**What is needed**
Lines before the one containing "this 1620×1080 image." are left out; that line and every line after it, through the end of the records, are to be reproduced exactly.

-=-=-

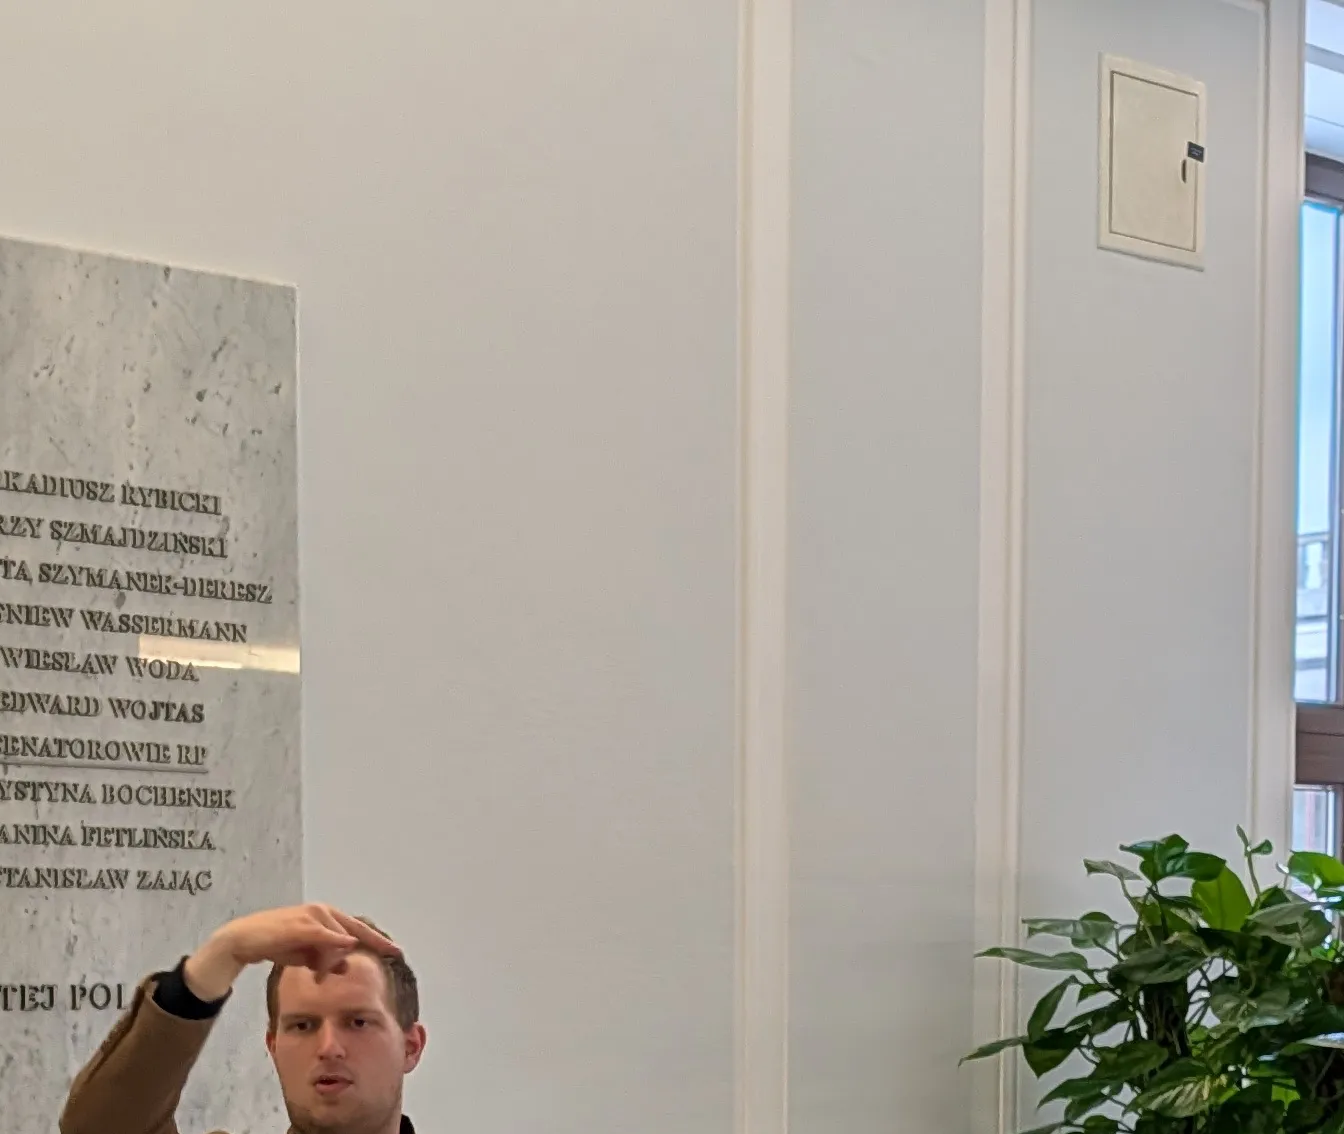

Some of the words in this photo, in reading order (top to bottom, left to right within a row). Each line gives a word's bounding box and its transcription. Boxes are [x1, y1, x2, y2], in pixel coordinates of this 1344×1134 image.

[121, 485, 222, 515] RYBICKI
[50, 520, 228, 558] SZMAJDZIŃSKI
[38, 562, 272, 604] SZYMANEK-DERESZ
[80, 608, 248, 643] WASSERMANN
[0, 645, 118, 676] WIESŁAW
[125, 656, 199, 682] WODA
[108, 697, 205, 723] WOJTAS
[177, 744, 207, 765] RP
[102, 784, 236, 809] BOCHENEK
[82, 824, 216, 850] FETLIŃSKA
[136, 869, 212, 894] ZAJĄC
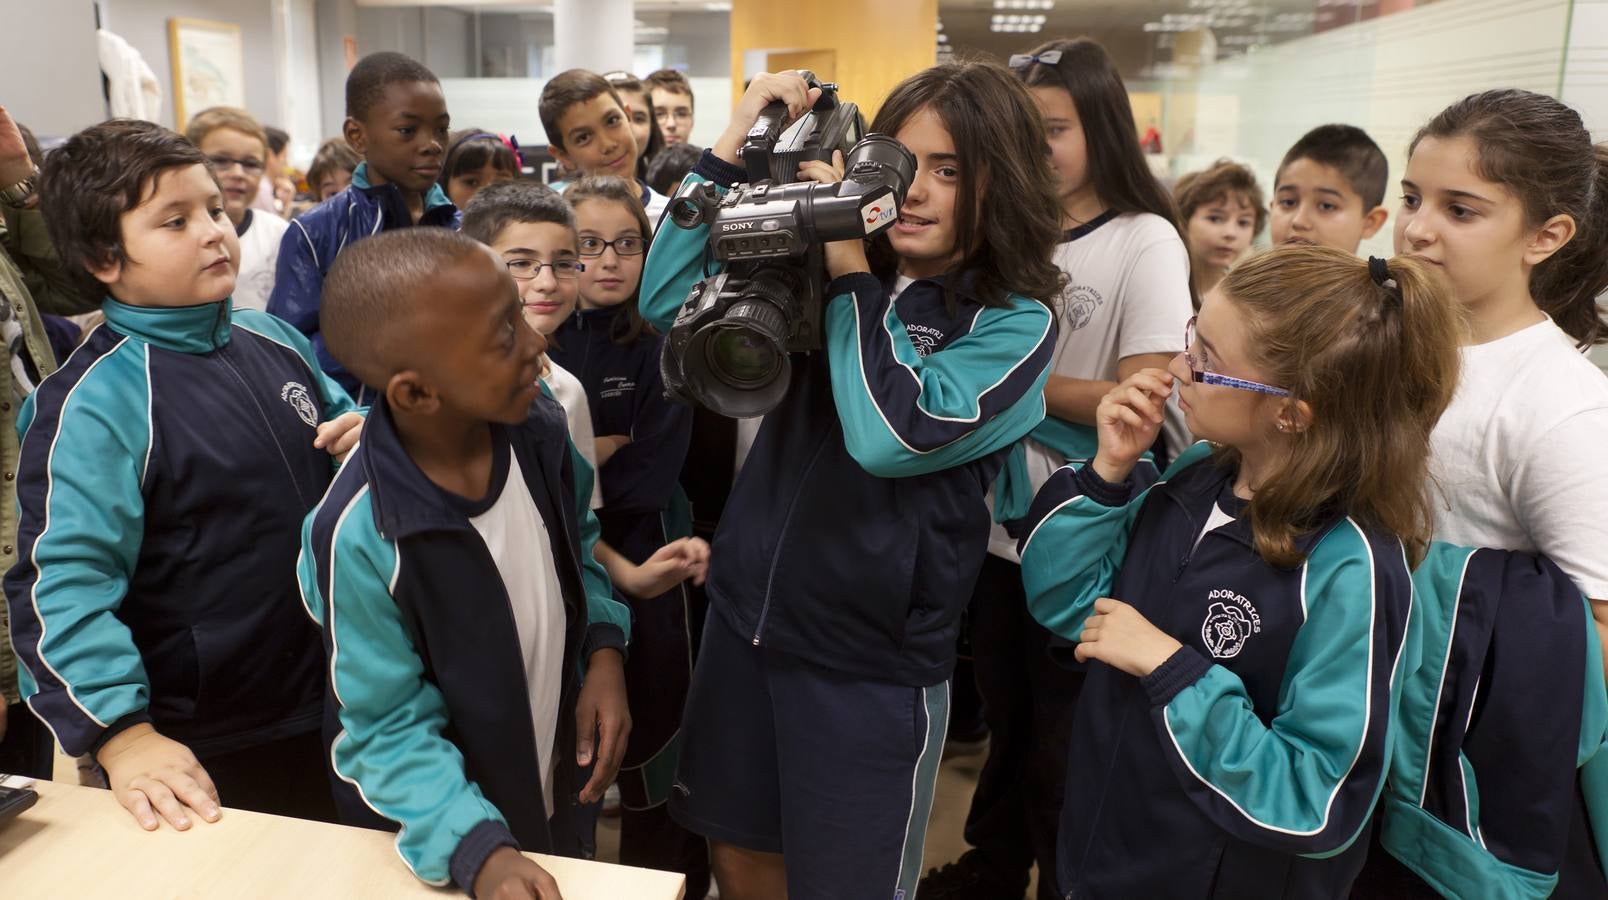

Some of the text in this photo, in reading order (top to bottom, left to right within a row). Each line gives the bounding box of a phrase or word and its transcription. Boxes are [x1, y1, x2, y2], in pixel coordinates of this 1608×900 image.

[722, 222, 754, 232] SONY
[906, 324, 944, 340] ADORATRI
[1208, 589, 1261, 634] ADORATRICES
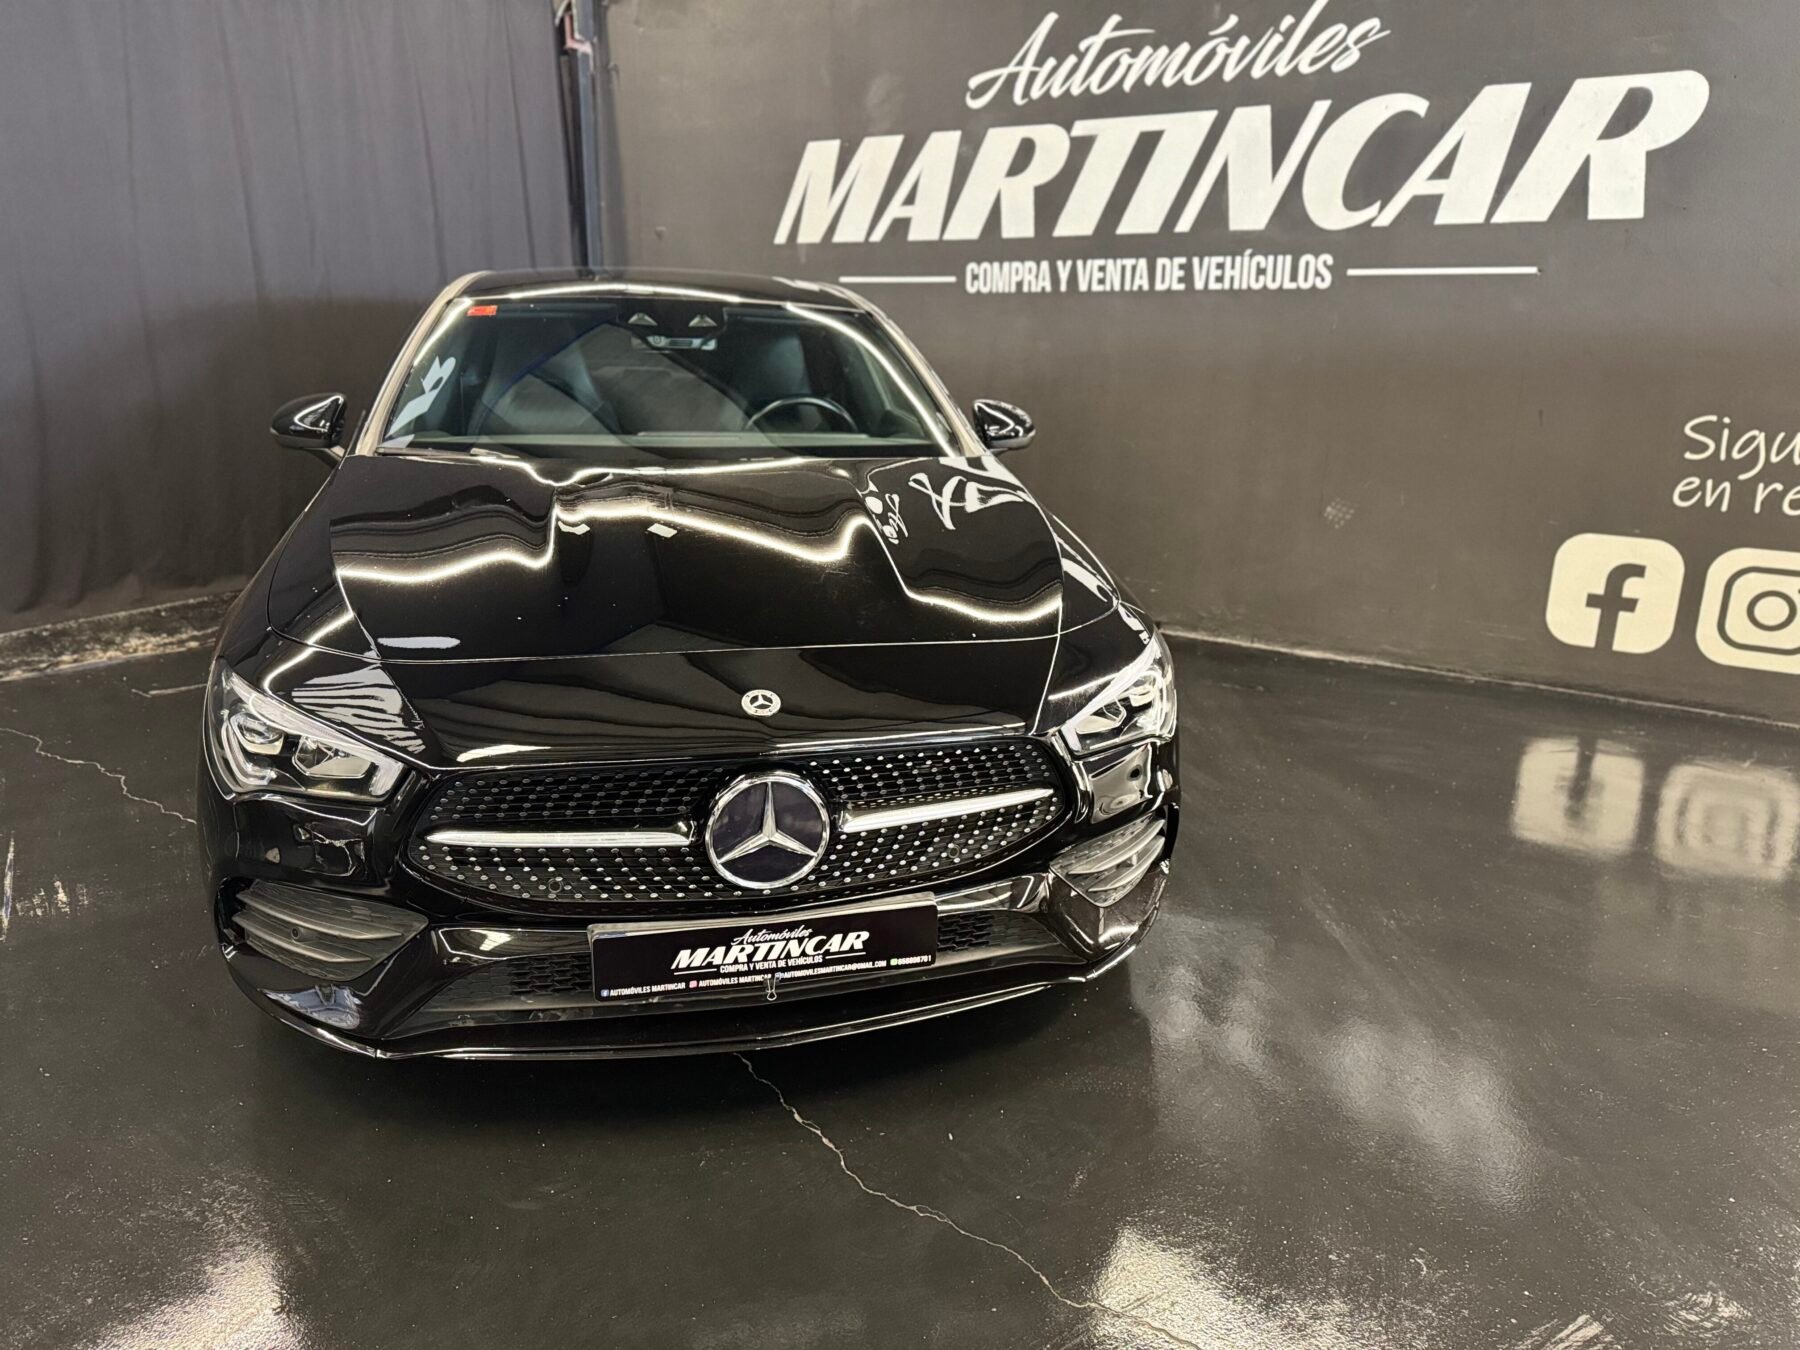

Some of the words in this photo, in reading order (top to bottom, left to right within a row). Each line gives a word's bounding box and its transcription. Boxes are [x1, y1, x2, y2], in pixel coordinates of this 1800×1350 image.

[965, 0, 1391, 110] Automóviles
[773, 69, 1711, 246] MARTINCAR
[965, 261, 1052, 294] COMPRA
[1056, 260, 1073, 292] Y
[1076, 257, 1150, 292] VENTA
[1154, 257, 1188, 291] DE
[1192, 249, 1334, 290] VEHÍCULOS
[1683, 414, 1800, 481] Sigu
[1672, 476, 1732, 513] en
[1753, 482, 1800, 516] re
[670, 931, 870, 970] MARTINCAR
[731, 925, 813, 946] Automóviles
[720, 962, 749, 973] COMPRA
[750, 961, 755, 971] Y
[755, 960, 777, 971] VENTA
[778, 958, 787, 968] DE
[787, 955, 823, 968] VEHÍCULOS
[651, 982, 686, 993] MARTINCAR
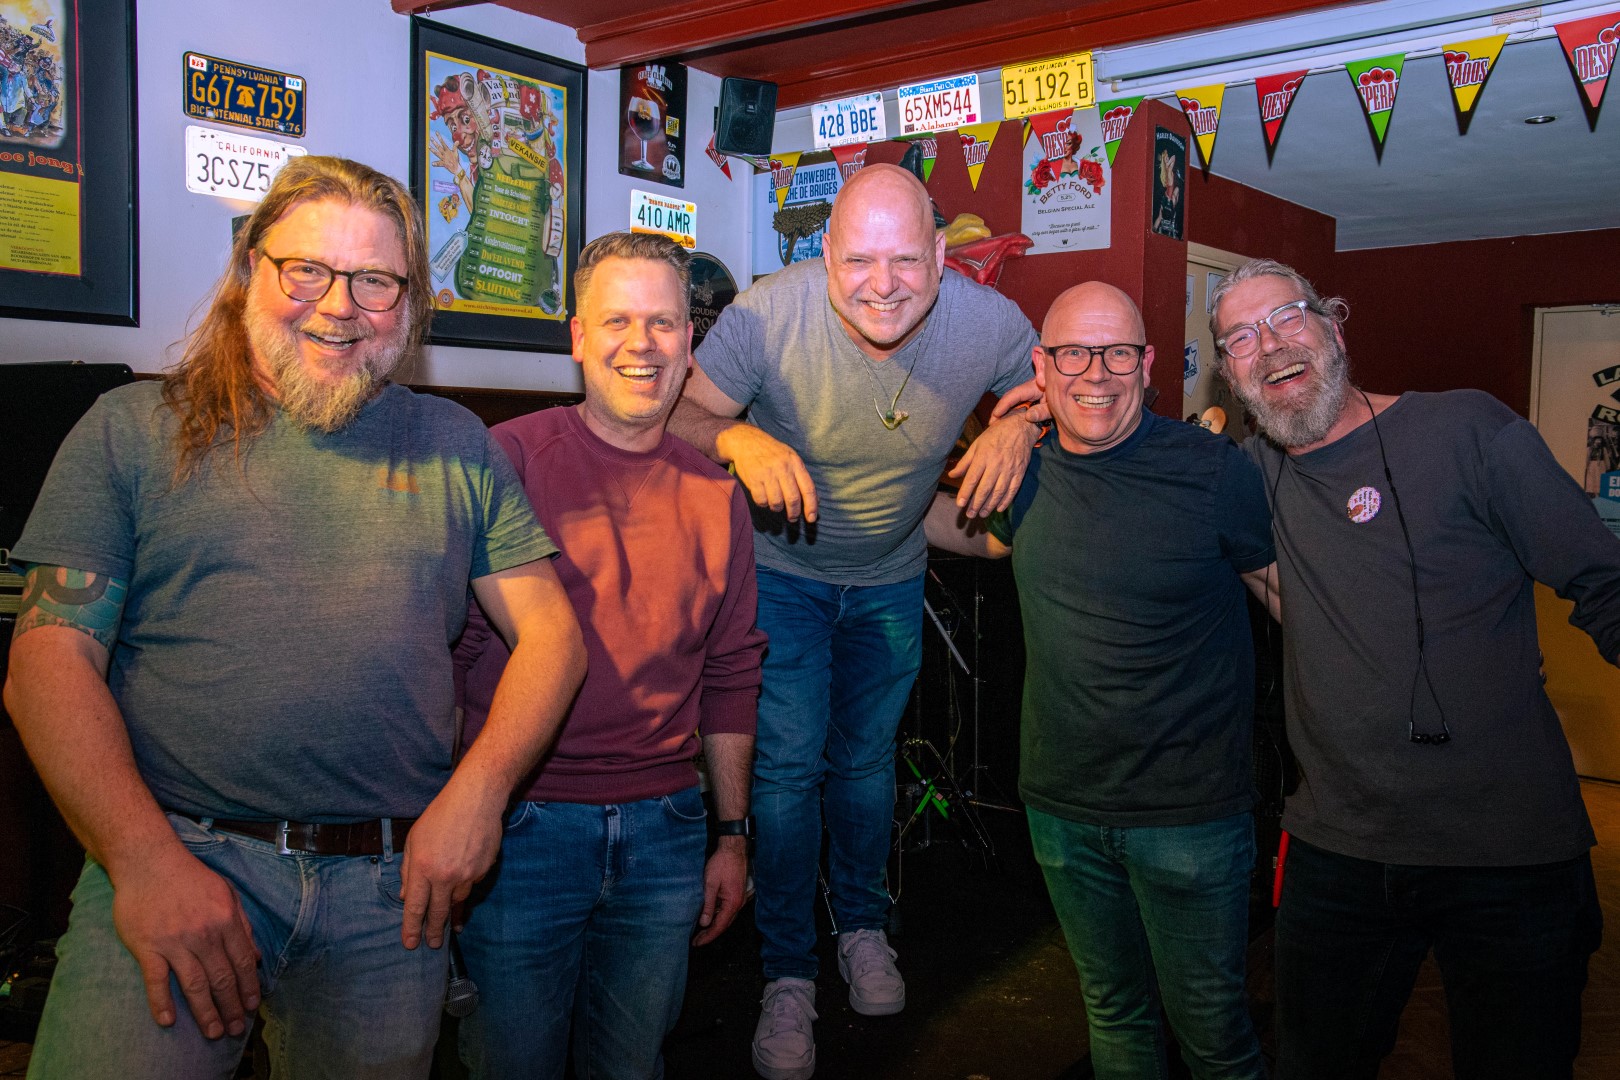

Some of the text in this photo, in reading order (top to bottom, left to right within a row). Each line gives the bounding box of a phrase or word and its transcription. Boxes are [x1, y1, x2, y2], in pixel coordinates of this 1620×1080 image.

[213, 63, 279, 85] PENNSYLVANIA
[1025, 66, 1038, 74] LAND
[1046, 61, 1067, 70] LINCOLN
[945, 81, 955, 89] On
[1006, 78, 1028, 105] 51
[1035, 72, 1070, 102] 192
[192, 71, 297, 121] G67 759
[491, 91, 520, 100] avnd
[905, 88, 972, 123] 65XM544
[190, 103, 254, 125] BICENTENNIAL
[255, 116, 279, 128] STATE
[1025, 105, 1037, 114] JUN
[1038, 102, 1062, 111] ILLINOIS
[819, 106, 878, 140] 428 BBE
[920, 121, 959, 131] Alabama
[218, 141, 280, 160] CALIFORNIA
[838, 136, 860, 145] GREENE
[510, 139, 546, 169] VEKANSIE
[795, 167, 836, 186] TARWEBIER
[768, 186, 798, 204] BLHE
[799, 185, 808, 199] DE
[809, 181, 838, 198] BRUGES
[1039, 181, 1092, 205] BETTY FORD
[489, 209, 529, 227] INTOCHT
[637, 204, 691, 234] 410 AMR
[478, 264, 523, 283] OPTOCHT
[475, 279, 522, 299] SLUITING

-=-=-

**Task solution**
Some of the text in this photo, in reading order (top to bottom, left to right within a row). Each line gives the bounding box of a phrase or word and its transcription. Boxes are [x1, y1, x2, y2], in pixel coordinates of this 1620×1080 image.

[213, 63, 279, 85] PENNSYLVANIA
[1025, 66, 1038, 74] LAND
[1046, 61, 1067, 70] LINCOLN
[945, 81, 955, 89] On
[1006, 78, 1028, 105] 51
[1035, 72, 1070, 102] 192
[192, 71, 297, 121] G67 759
[491, 91, 520, 100] avnd
[905, 88, 972, 123] 65XM544
[190, 103, 254, 125] BICENTENNIAL
[255, 116, 279, 128] STATE
[1025, 105, 1037, 114] JUN
[1038, 102, 1062, 111] ILLINOIS
[819, 106, 878, 140] 428 BBE
[920, 121, 959, 131] Alabama
[218, 141, 280, 160] CALIFORNIA
[838, 136, 860, 145] GREENE
[510, 139, 546, 169] VEKANSIE
[795, 167, 836, 186] TARWEBIER
[768, 186, 798, 204] BLHE
[799, 185, 808, 199] DE
[809, 181, 838, 198] BRUGES
[1039, 181, 1092, 205] BETTY FORD
[489, 209, 529, 227] INTOCHT
[637, 204, 691, 234] 410 AMR
[478, 264, 523, 283] OPTOCHT
[475, 279, 522, 299] SLUITING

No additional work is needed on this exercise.